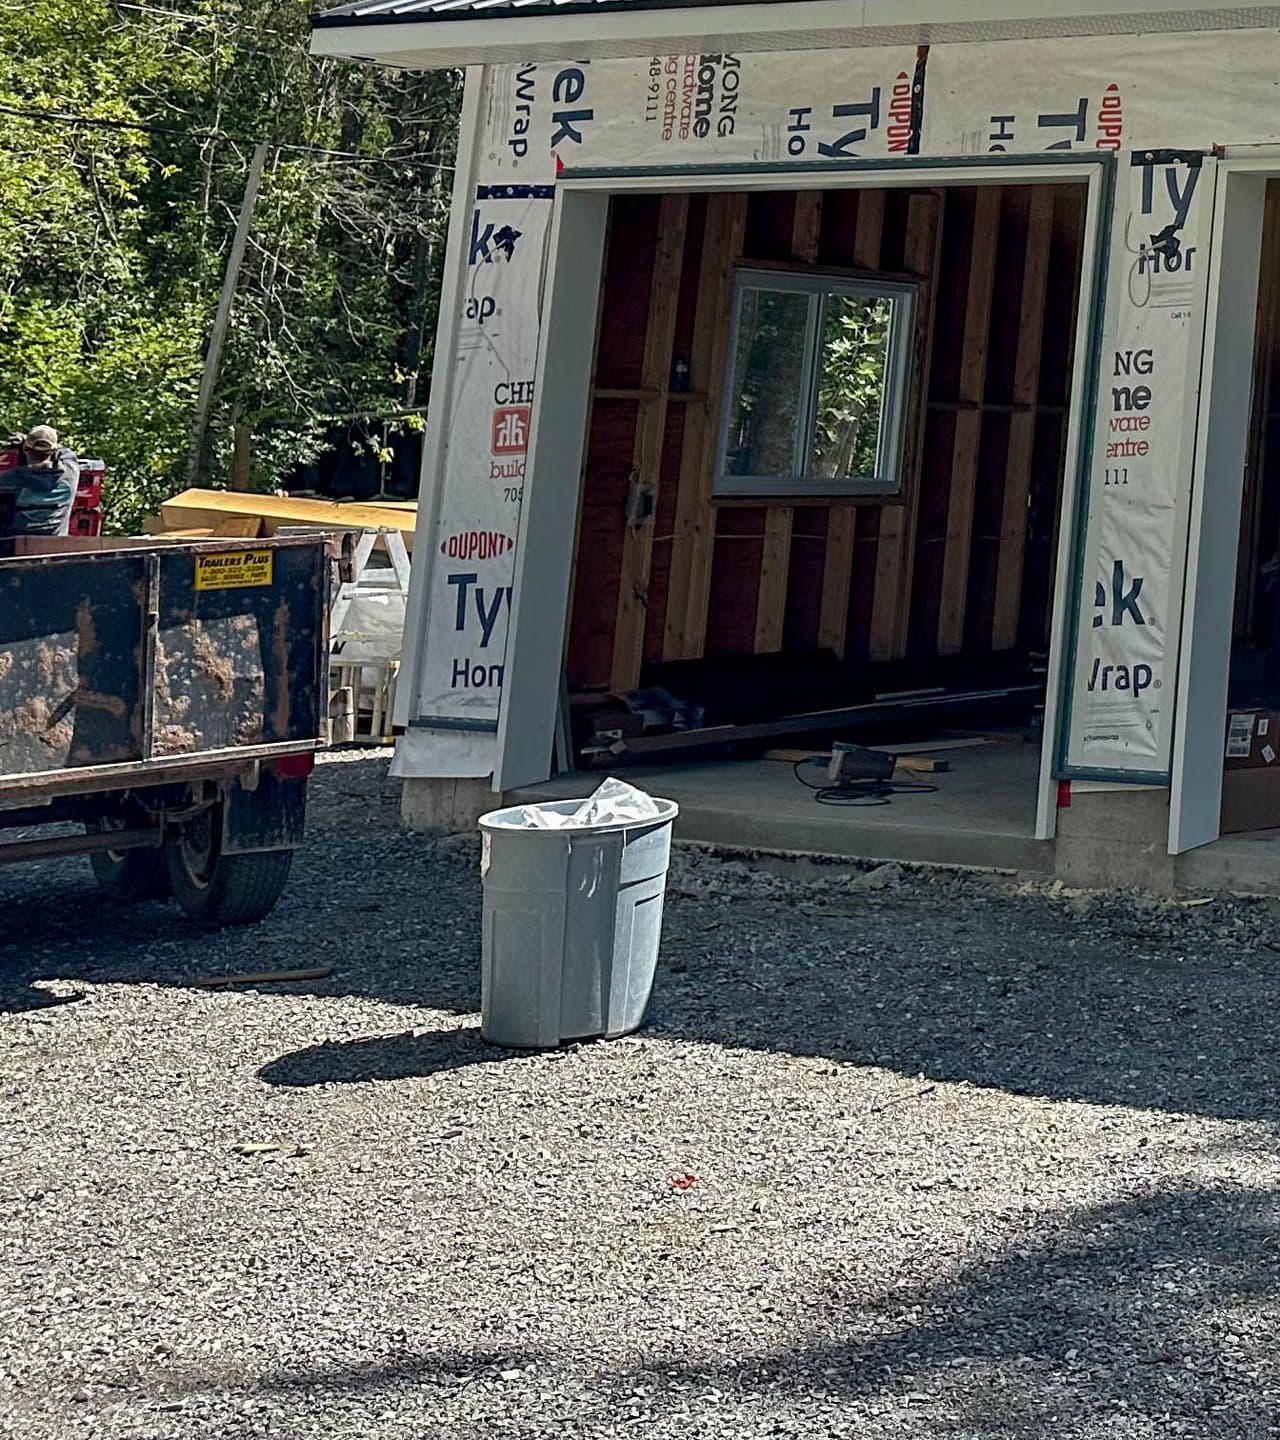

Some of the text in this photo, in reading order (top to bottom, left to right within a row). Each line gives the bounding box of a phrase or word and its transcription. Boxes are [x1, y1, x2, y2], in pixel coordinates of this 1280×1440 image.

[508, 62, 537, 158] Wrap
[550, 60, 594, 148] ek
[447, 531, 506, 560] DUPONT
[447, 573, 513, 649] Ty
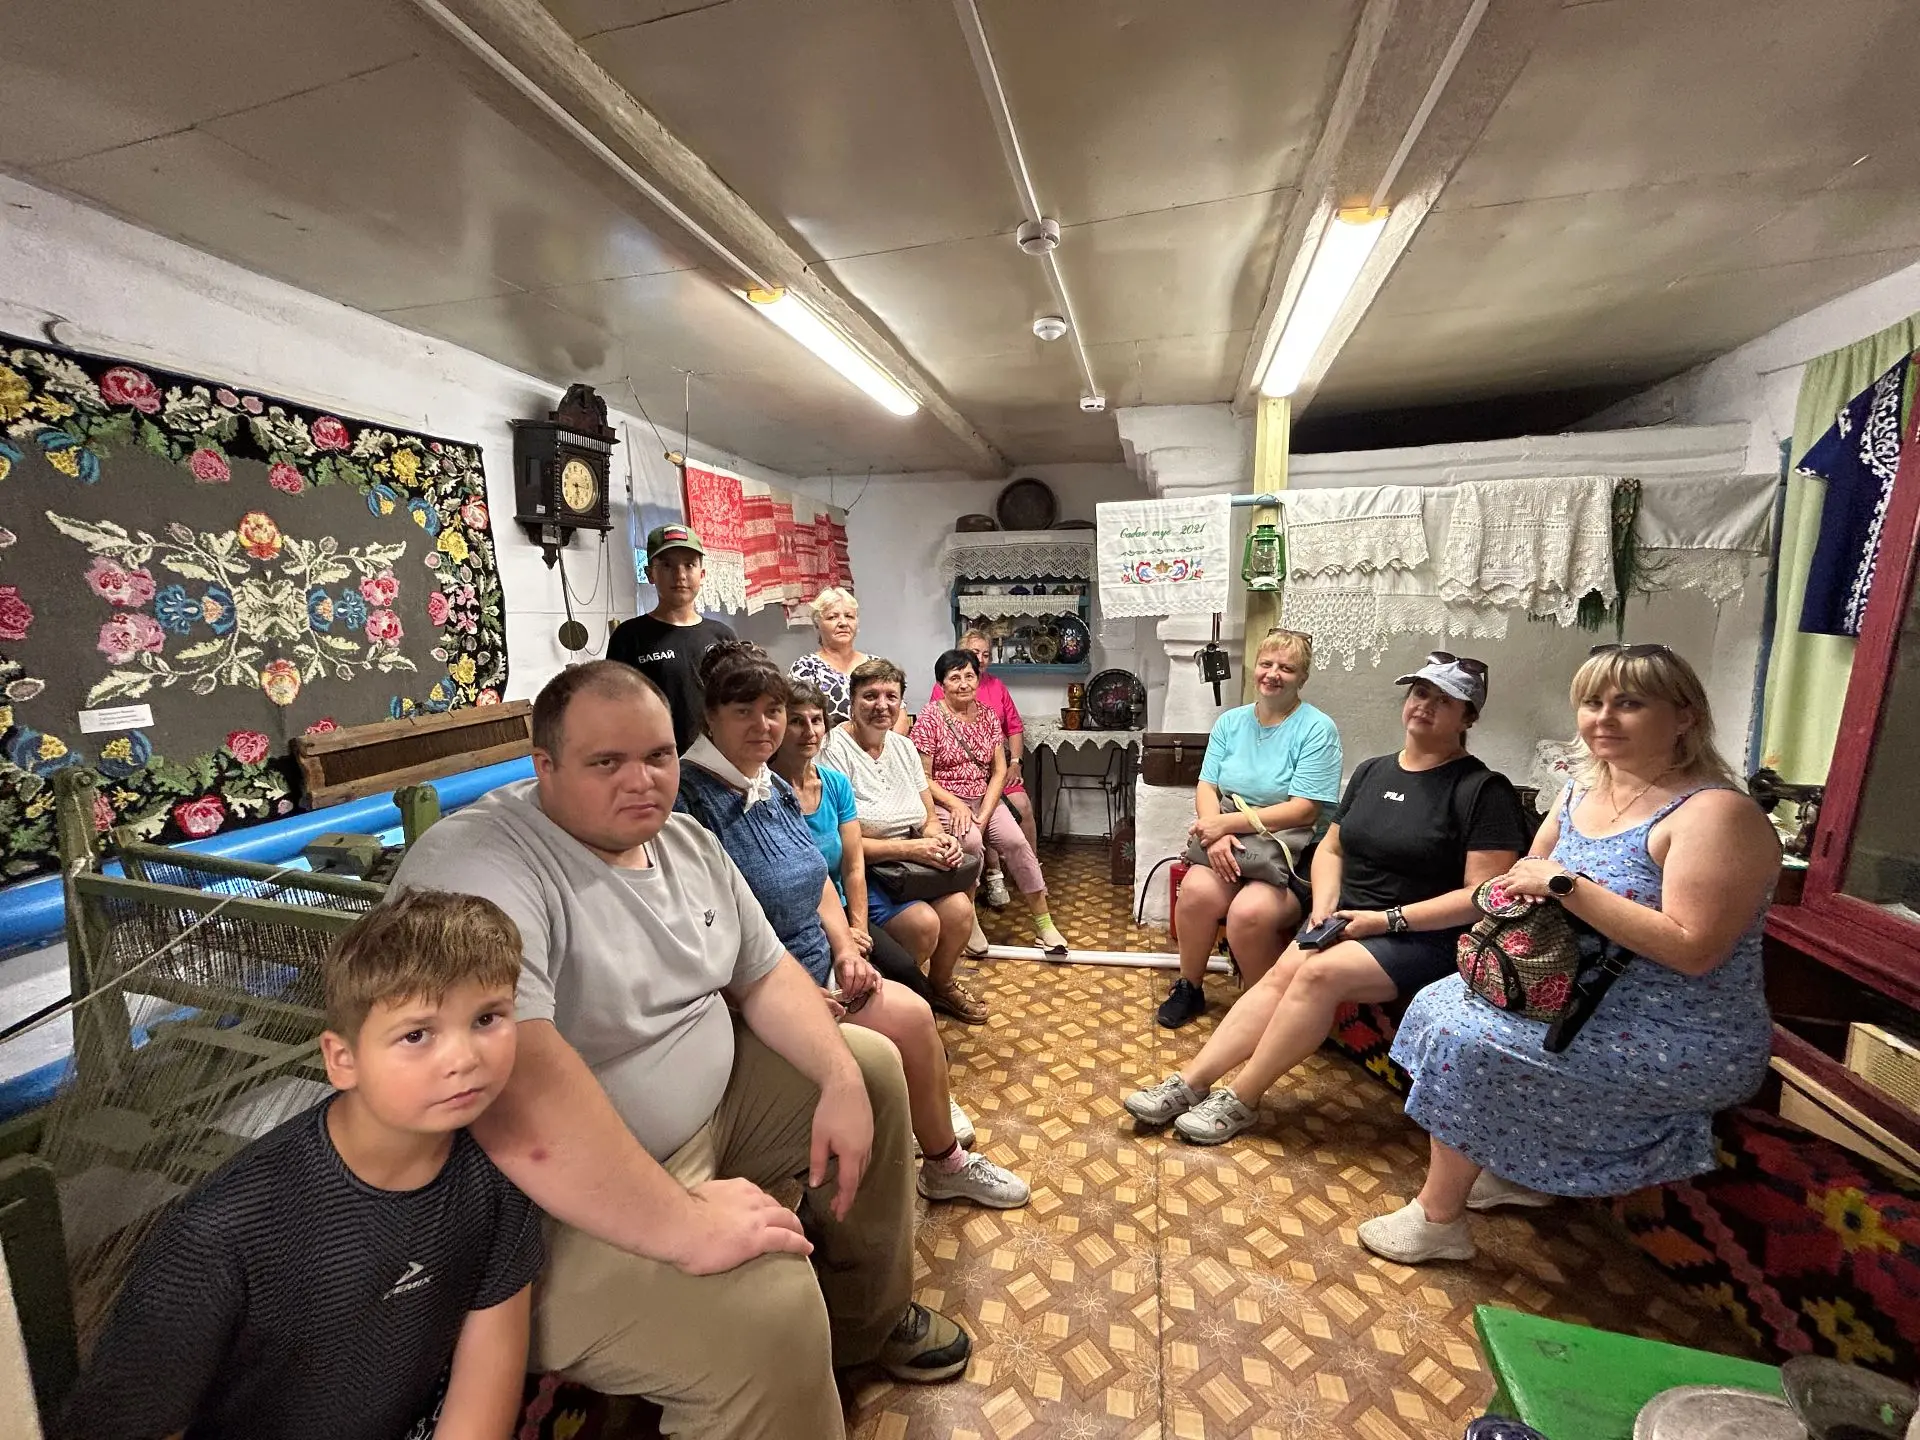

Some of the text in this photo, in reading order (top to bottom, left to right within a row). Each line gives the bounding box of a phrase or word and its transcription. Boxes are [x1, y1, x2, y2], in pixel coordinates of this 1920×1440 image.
·····
- [Assignment]: If a line holds a picture, skip the picture and transcribe the rest of the material exactly.

- [Exercise answer]:
Some of the text in this photo, in reading order (top to bottom, left to right within a row). Each line gives the bounding box of a phrase or word and its transcription. Boxes are [x1, y1, x2, y2], in pixel coordinates of this 1280×1440 image.

[508, 62, 537, 158] Wrap
[550, 60, 594, 148] ek
[447, 531, 506, 560] DUPONT
[447, 573, 513, 649] Ty

Some of the text in this photo, in reading order (top to bottom, left to right within a row). Each line gives the bounding box of a phrase or word and its transcription. Boxes are [x1, y1, x2, y2], in pixel coordinates of this 1920×1440 image.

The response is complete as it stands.